What happened

US President Donald Trump’s disapproval rating has climbed to an all‑time high, according to recent polling cited in a geopolitical roundup published on May 10, 2026 (Geopolitics Report, 2026‑05‑10). The same report notes that Trump’s administration is pursuing a strategy dubbed ‘Project Vault,’ which aims to initially buy rare earths from China, a move that has drawn criticism from both domestic and international observers (Geopolitics Report, 2026‑05‑10). These developments come amid broader economic data showing that US core factory orders surged in March to their best year‑on‑year growth since November 2022, underscoring a complex mix of strong industrial performance and political vulnerability (Geopolitics Report, 2026‑05‑10).

Why it matters

High presidential disapproval ratings are not merely a domestic political metric; they have direct implications for a country’s geopolitical posture. When a leader’s domestic standing weakens, foreign‑policy initiatives can lose credibility, allies may recalibrate their expectations, and adversaries may probe for openings. In the United States, Trump’s record‑high disapproval occurs at a time when Washington is simultaneously managing multiple flashpoints—from the Middle East to the Indo‑Pacific—and attempting to reposition its economic and industrial base through initiatives such as Project Vault. The juxtaposition of robust factory‑order growth with sharply negative public sentiment highlights a structural disconnect between macroeconomic indicators and lived economic experience, which can erode the political capital required to sustain ambitious foreign‑policy and industrial strategies.
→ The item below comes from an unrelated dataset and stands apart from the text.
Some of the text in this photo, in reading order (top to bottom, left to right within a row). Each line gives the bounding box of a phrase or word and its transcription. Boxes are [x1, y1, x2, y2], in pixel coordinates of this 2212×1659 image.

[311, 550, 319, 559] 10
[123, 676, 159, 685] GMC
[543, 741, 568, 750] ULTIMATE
Beyond optics, sustained low approval can constrain a president’s ability to negotiate trade deals, secure funding for defense and infrastructure, and maintain cohesion within a governing coalition. In Trump’s case, the decision to source rare earths from China—despite long‑standing rhetoric about decoupling and supply‑chain resilience—risks alienating both economic nationalists and foreign‑policy hawks who have framed China as a primary strategic competitor. This policy pivot, even if framed as a short‑term necessity, may feed narratives of inconsistency and opportunism, complicating efforts to build durable multilateral coalitions around technology and critical‑minerals governance.

Key facts

  • Donald Trump’s disapproval rating has reached an all‑time high, as reported in a geopolitical roundup published on May 10, 2026 (Geopolitics Report, 2026‑05‑10).
  • Trump’s administration is pursuing ‘Project Vault,’ an initiative that aims to initially buy rare earths from China (Geopolitics Report, 2026‑05‑10).
  • US core factory orders surged in March 2026 to their best year‑on‑year growth since November 2022 (Geopolitics Report, 2026‑05‑10).

Analysis

From a geopolitical standpoint, Trump’s record disapproval rating is symptomatic of a broader crisis of legitimacy that can ripple across Washington’s alliances and deterrence posture. Leaders with weak domestic support often face heightened scrutiny from foreign partners, who may question the durability of commitments, the continuity of policy, and the likelihood of legislative ratification for treaties or security arrangements. In the current environment, where the United States is attempting to balance competition with China, reassurance of European allies, and management of Middle Eastern volatility, a president perceived as politically vulnerable may find it harder to extract concessions or to rally multilateral coalitions around complex initiatives such as critical‑minerals supply‑chain coordination.

Project Vault, in particular, exposes the tension between rhetorical commitment to strategic autonomy and the practical realities of global commodity markets. Rare earths are essential for advanced electronics, defense systems, and clean‑energy technologies, and decades of underinvestment in domestic and allied processing capacity have left the United States dependent on a handful of suppliers. Turning to China for initial purchases, even as a stopgap measure, may be economically rational in the short term but politically fraught. It risks reinforcing perceptions that Washington’s industrial‑policy ambitions are more aspirational than structural, and that the administration is willing to compromise on long‑stated principles when faced with immediate supply‑chain bottlenecks. This dynamic could embolden Beijing to leverage its position in critical‑minerals markets, while simultaneously undermining Washington’s efforts to build alternative supply‑chain networks with partners in Asia, Europe, and Latin America.

What to watch

  • Whether Trump’s administration can translate strong core factory‑order growth into visible improvements in wages, job quality, and regional economic balance, which would be necessary to stabilize or reverse his disapproval rating.
  • How allies and partners respond to Project Vault, particularly whether they view it as a temporary adjustment or as evidence of inconsistent strategy, and whether this affects their willingness to co‑invest in joint rare‑earth and critical‑mineral projects.
  • The extent to which Congress and key interest groups challenge or support Trump’s rare‑earth procurement strategy, as legislative pushback could constrain future industrial‑policy initiatives and shape the broader trajectory of US‑China economic competition.